This is the only approach supported by WASM in the near future, although a
browser DOM bridge is roadmapped for a couple of years on. ie ditching the
(DOM of the) browser entirely for apps (in WASM) - apps that can run on ANY
platform with a modern browser.

>> And why do we need a new bytecode format when basically all phones run on
the ARM ISA?

There are in fact some good reasons

* It's an open standard, which it seems many vendors will get behind and it will become ubiquitously available, and as such stands a chance of competing with Html/JS for the crown of the 'everywhere platform'.

* Being sandboxed by the browser instead of running on bare metal has huge value for security.

* Being sandboxed as an abstraction layer allows ISA portability. You mention most phones run on ARM, but more than a handful of people want to use PCs running Intel too! Also not all phones run ARM, and there are future ISAs that don't exist or aren't mainstream yet (such as open source ones) and the abstraction of a runtime makes it easy. WASM has been design to be good as a portable target (ie easy to implement on a new ISA as opposed to writing full emulation).

The first one is the most important one, about being an open standard with
enough industry implementation to achieve critical mass for users and become a
sustainable 'any/everywhere' platform .. the technical issues could be
addressed other ways, but that only matters if people can access your runtime
(which is what killed Flash and Silverlight).

There are downsides too, such as performance, however the market has shown it
doesn't really care about performance by choosing the bloated Javascript mess
have today.

tl;dr; Runtimes are good for the majority of consumer and business software,
and WASM is the first one all the big players are supporting instead of the
competition sabotaging

>> I guess I don't get why games should run in a web browser with all it's
security and privacy issues.

The question implies that native code has a better security and privacy
profile than a hardened browser sandbox.. actually that right there is the
issue. You actually get a far better security and privacy 'platform' on the
browser, despite/because of the much larger attack volume.

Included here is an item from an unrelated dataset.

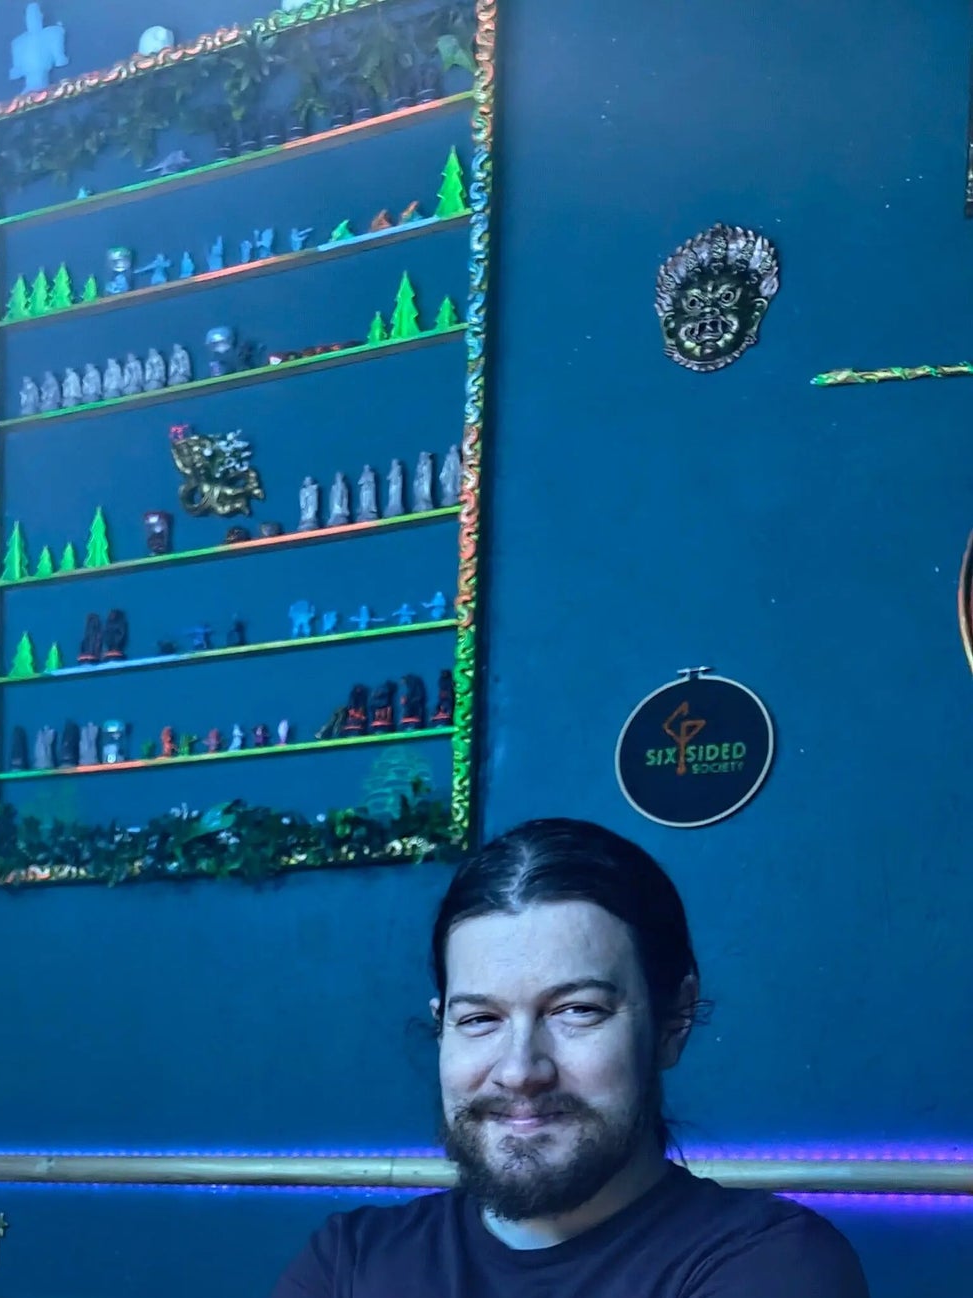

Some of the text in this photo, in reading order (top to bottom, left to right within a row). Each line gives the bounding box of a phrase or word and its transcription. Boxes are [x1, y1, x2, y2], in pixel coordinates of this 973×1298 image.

[645, 742, 746, 766] SIX SIDED
[692, 761, 745, 774] SOCIETY

With native you can do and access anything the OS allows, and find
vulnerabilities in the entire OS APIs. Even on e.g. iOS the native code can do
all sorts of things and call private hidden apis etc, Apple just tries to use
static analysis to attempt to find these issues before you download it..

------
ainar-g
From my colleagues, both front-end developers and full-stack developers, I've
heard nothing but criticism of Angular >2.0.0. I would like to hear the other
side. If you use fresh Angular, why?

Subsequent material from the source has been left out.